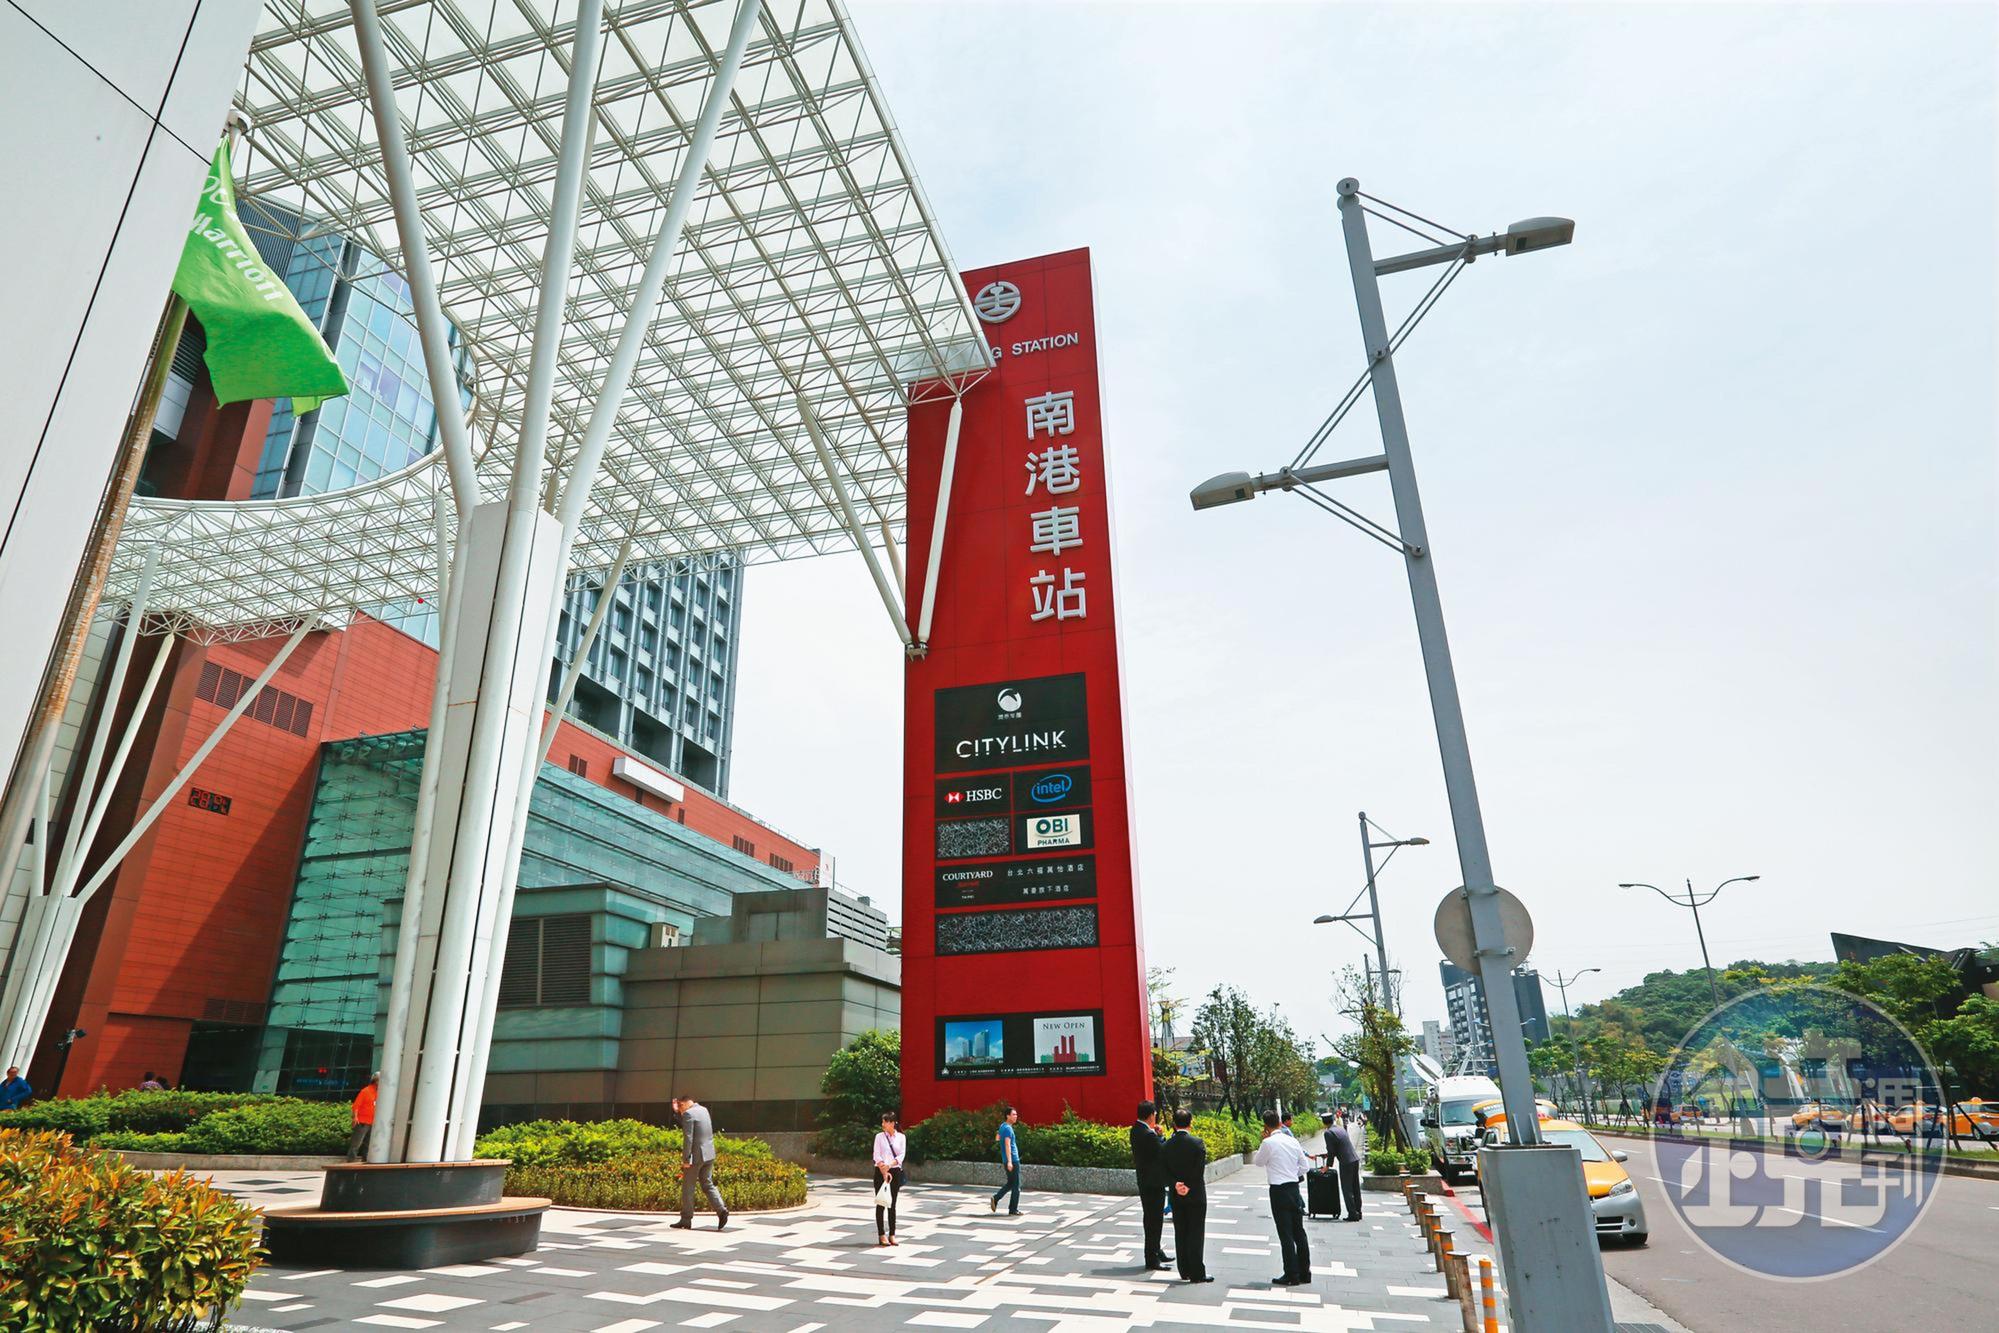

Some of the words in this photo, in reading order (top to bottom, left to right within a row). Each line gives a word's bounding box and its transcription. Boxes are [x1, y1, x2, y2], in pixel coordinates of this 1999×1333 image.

[1011, 332, 1079, 356] STATION
[1024, 390, 1087, 621] 南港車站
[956, 730, 1066, 758] CITYLINK
[965, 787, 1002, 802] HSBC
[1036, 779, 1067, 795] intel
[1035, 817, 1069, 835] OBI
[1037, 837, 1070, 847] PHARMA
[942, 870, 993, 881] COURTYARD
[1063, 1021, 1086, 1030] OPEN

====================

> **TASK**:
When you retype the material above, keep every word exact and drop the images.

> **WRITTEN RESPONSE**:
Some of the words in this photo, in reading order (top to bottom, left to right within a row). Each line gives a word's bounding box and its transcription. Boxes are [x1, y1, x2, y2], in pixel coordinates of this 1999×1333 image.

[1011, 332, 1079, 356] STATION
[1024, 390, 1087, 621] 南港車站
[956, 730, 1066, 758] CITYLINK
[965, 787, 1002, 802] HSBC
[1036, 779, 1067, 795] intel
[1035, 817, 1069, 835] OBI
[1037, 837, 1070, 847] PHARMA
[942, 870, 993, 881] COURTYARD
[1063, 1021, 1086, 1030] OPEN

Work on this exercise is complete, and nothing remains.